We have a first-class Catholic hospital that continues to grow by leaps and bounds. And people are constantly relocating here as a peaceful place to raise their families. Why? Because 1985 was far more family-friendly than our present day and age. And here at I.C. we still have midnight Mass at midnight, and the church is packed. Those are some signs of a city with a soul.

The gospel today begins with this tragic line: “As Jesus drew near Jerusalem he saw the city and wept over it.” Why did our Lord weep? Well, in a sense, it was a city that had lost its soul. Remember how Jesus wept when Lazarus had died? His friend’s body had lost its soul at death, and so too the body politic of Jerusalem was soulless, and in that sense, lifeless.
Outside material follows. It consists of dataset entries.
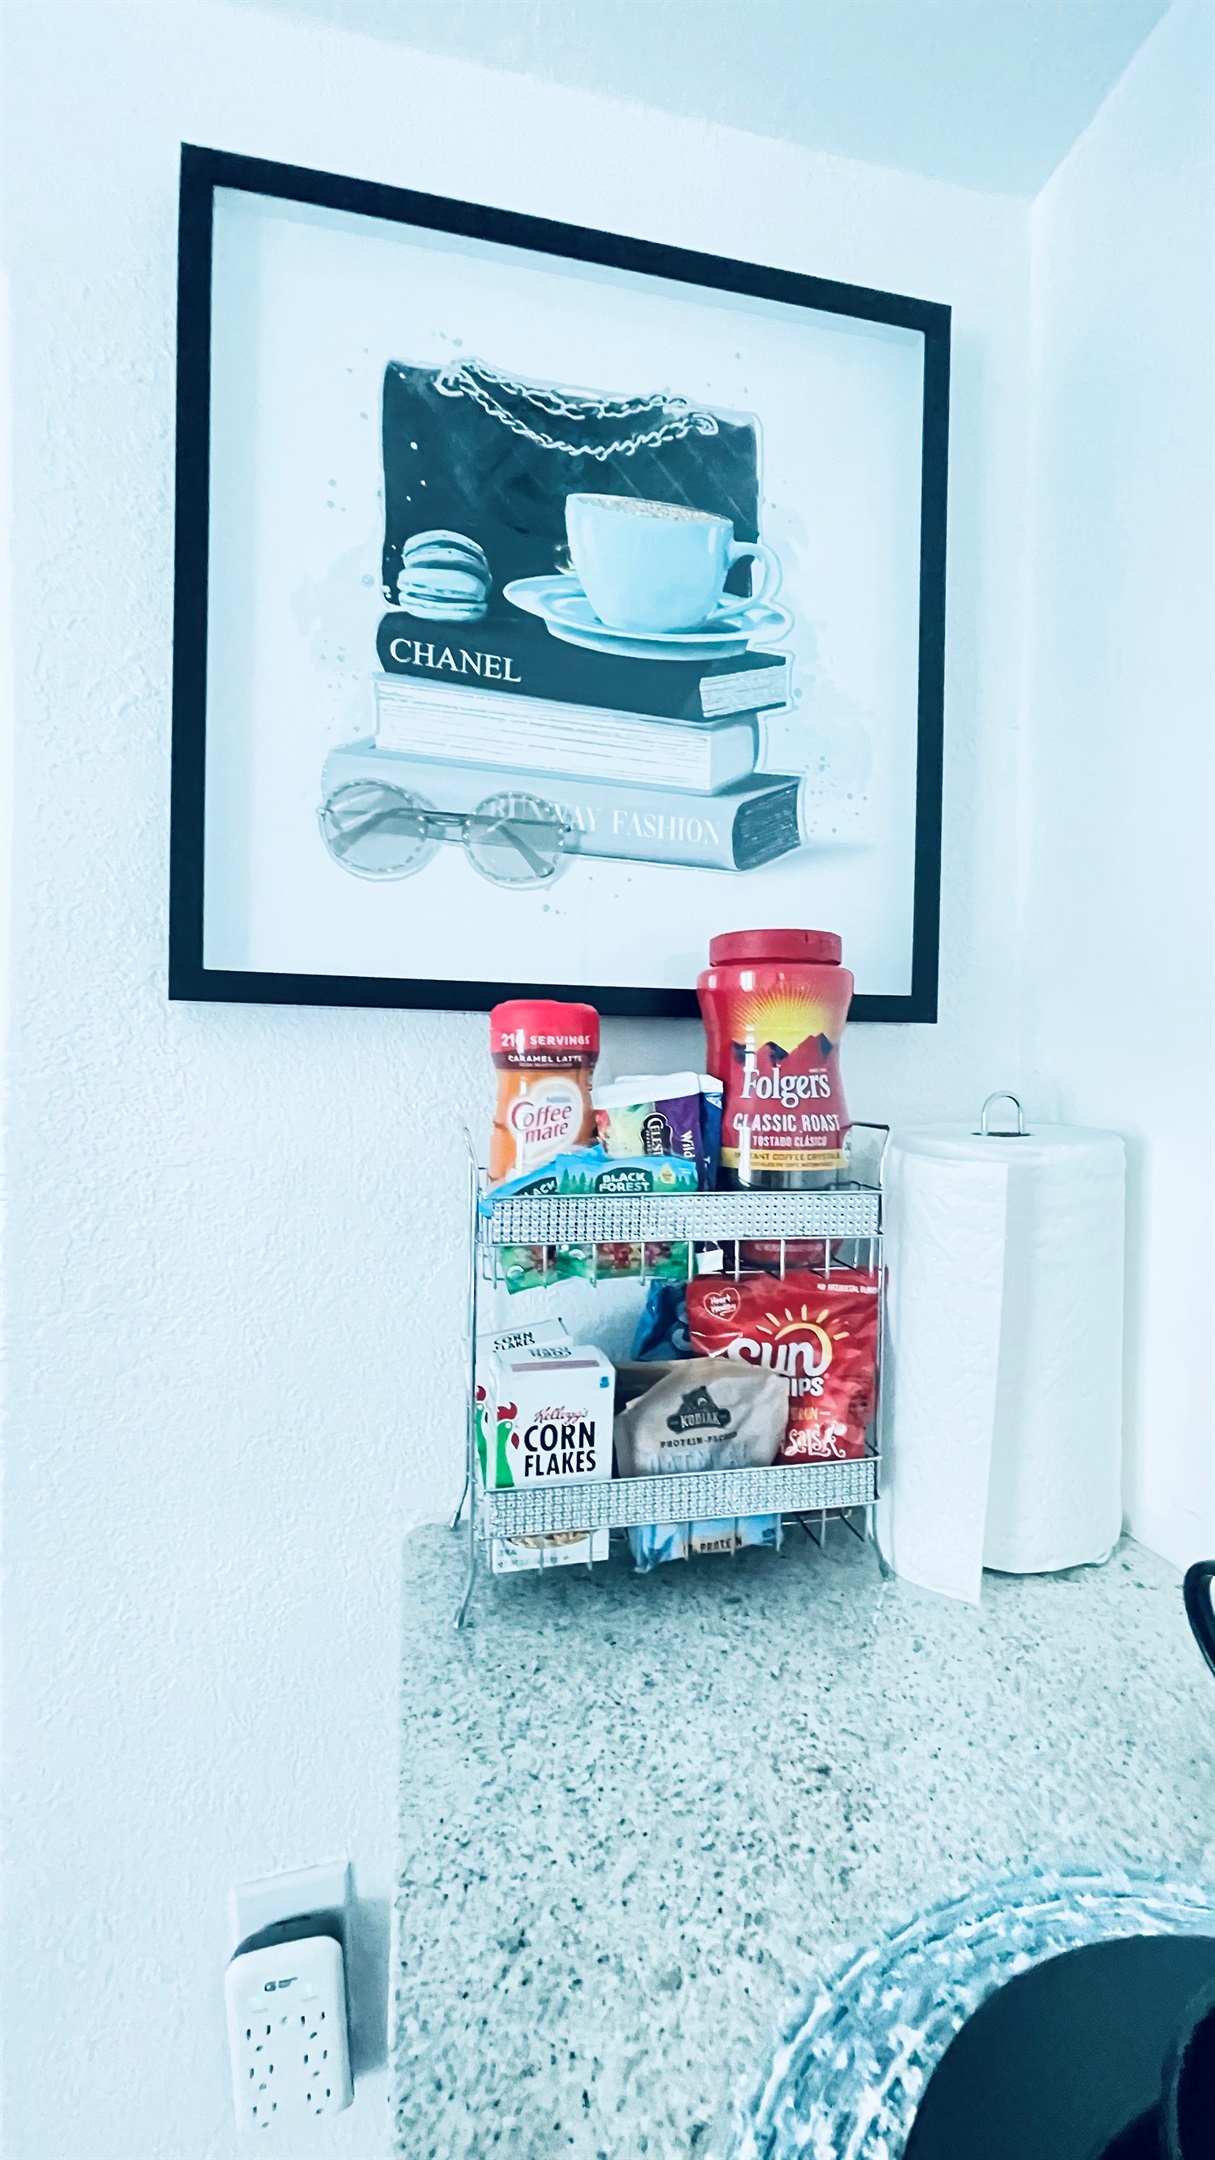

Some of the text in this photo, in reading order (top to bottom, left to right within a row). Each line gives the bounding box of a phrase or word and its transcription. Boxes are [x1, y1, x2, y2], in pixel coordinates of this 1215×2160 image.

[389, 637, 522, 683] CHANEL
[612, 809, 720, 846] FASHION
[530, 1035, 590, 1046] SERVINGS
[508, 1055, 583, 1063] CARAMEL LATTE
[740, 1064, 831, 1109] Folgers
[511, 1101, 572, 1132] Coffee
[733, 1112, 840, 1133] CLASSIC ROAST
[525, 1121, 569, 1143] mate
[752, 1135, 792, 1147] TOSTADO
[680, 1130, 696, 1159] Wild
[598, 1182, 651, 1193] FOREST
[602, 1172, 646, 1183] BLACK
[789, 1377, 824, 1397] IPS
[534, 1406, 589, 1425] Kellogg's
[680, 1412, 721, 1429] KODIAK
[524, 1421, 596, 1452] CORN
[524, 1450, 596, 1477] FLAKES
[700, 1536, 742, 1551] PROTEN
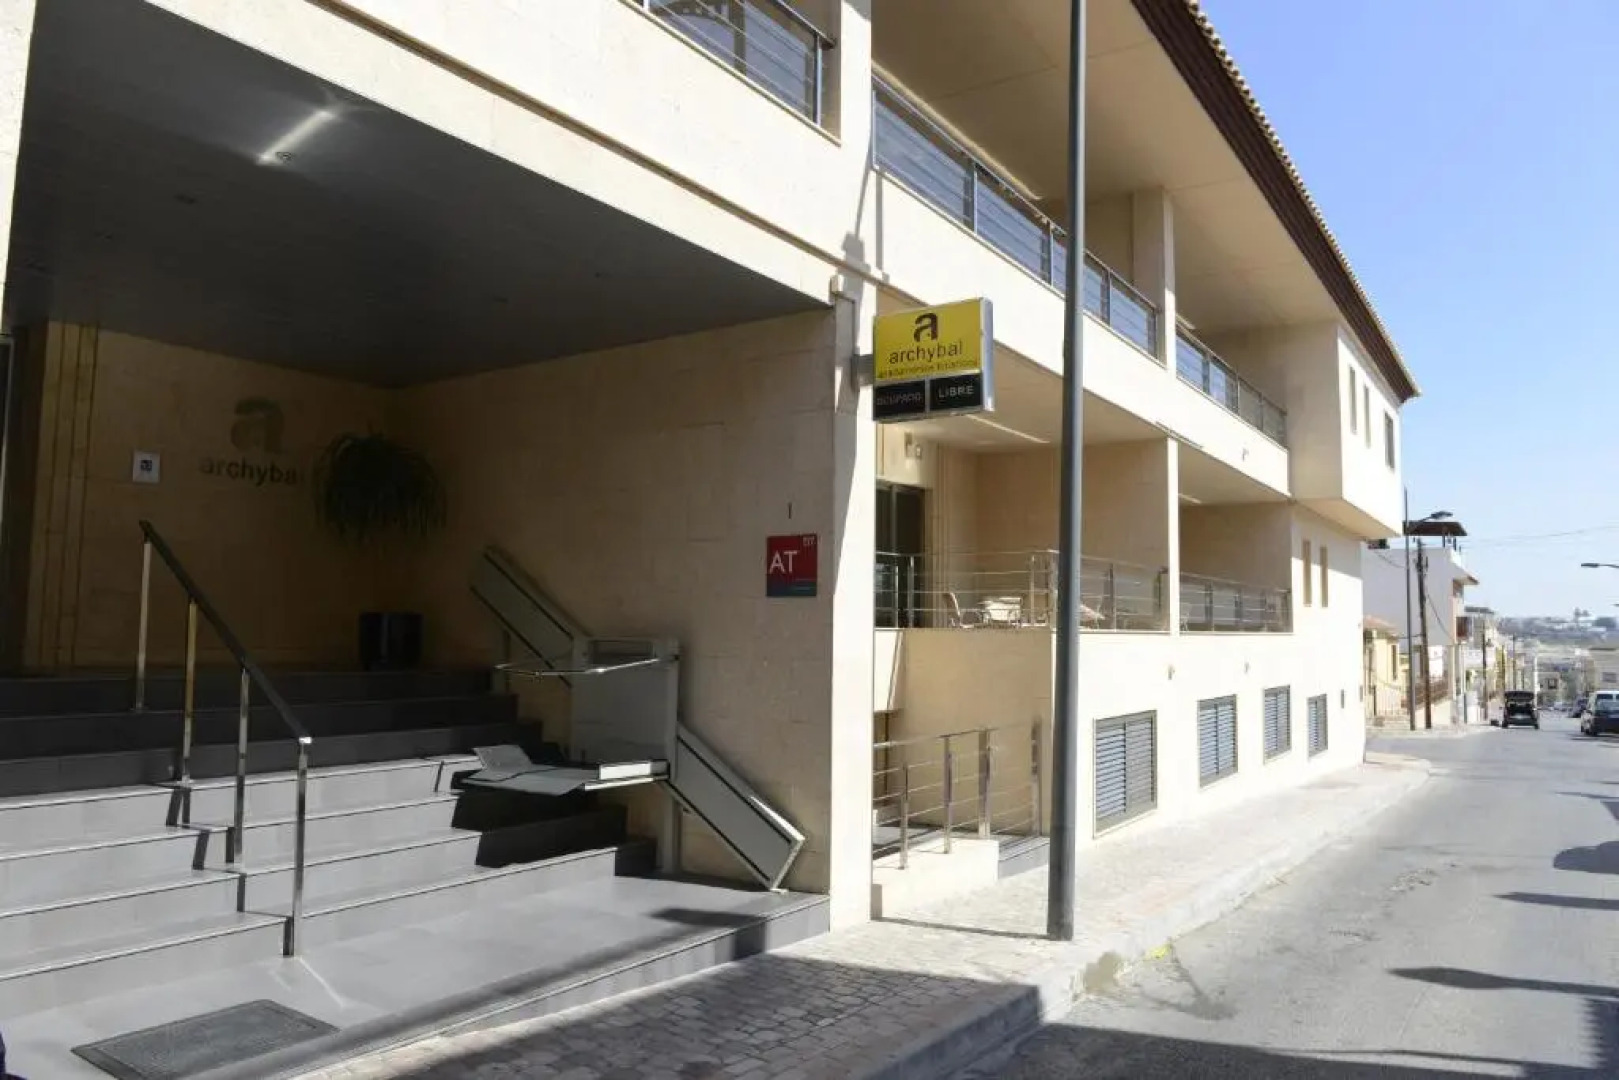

And Jesus does not weep over trifles, but only when he see the greatest tragedies. Therefore, Jesus accuses it saying: “If this day you only knew what makes for peace – but now it is hidden from your eyes.” In other words, Jerusalem, like many modern cities, was caught up in the external, the superficial, the material, and ignored the internal, the supernatural, and the spiritual.

The city no longer had spiritual eyes to see its Savior when he arrived to offer salvation. Like Dwayne Johnson, the Rock, said in the movie “Skyscraper,” “If you can’t fix it with duct tape, you’re not using enough duct tape.” A city held together by duct tape at least still has its soul.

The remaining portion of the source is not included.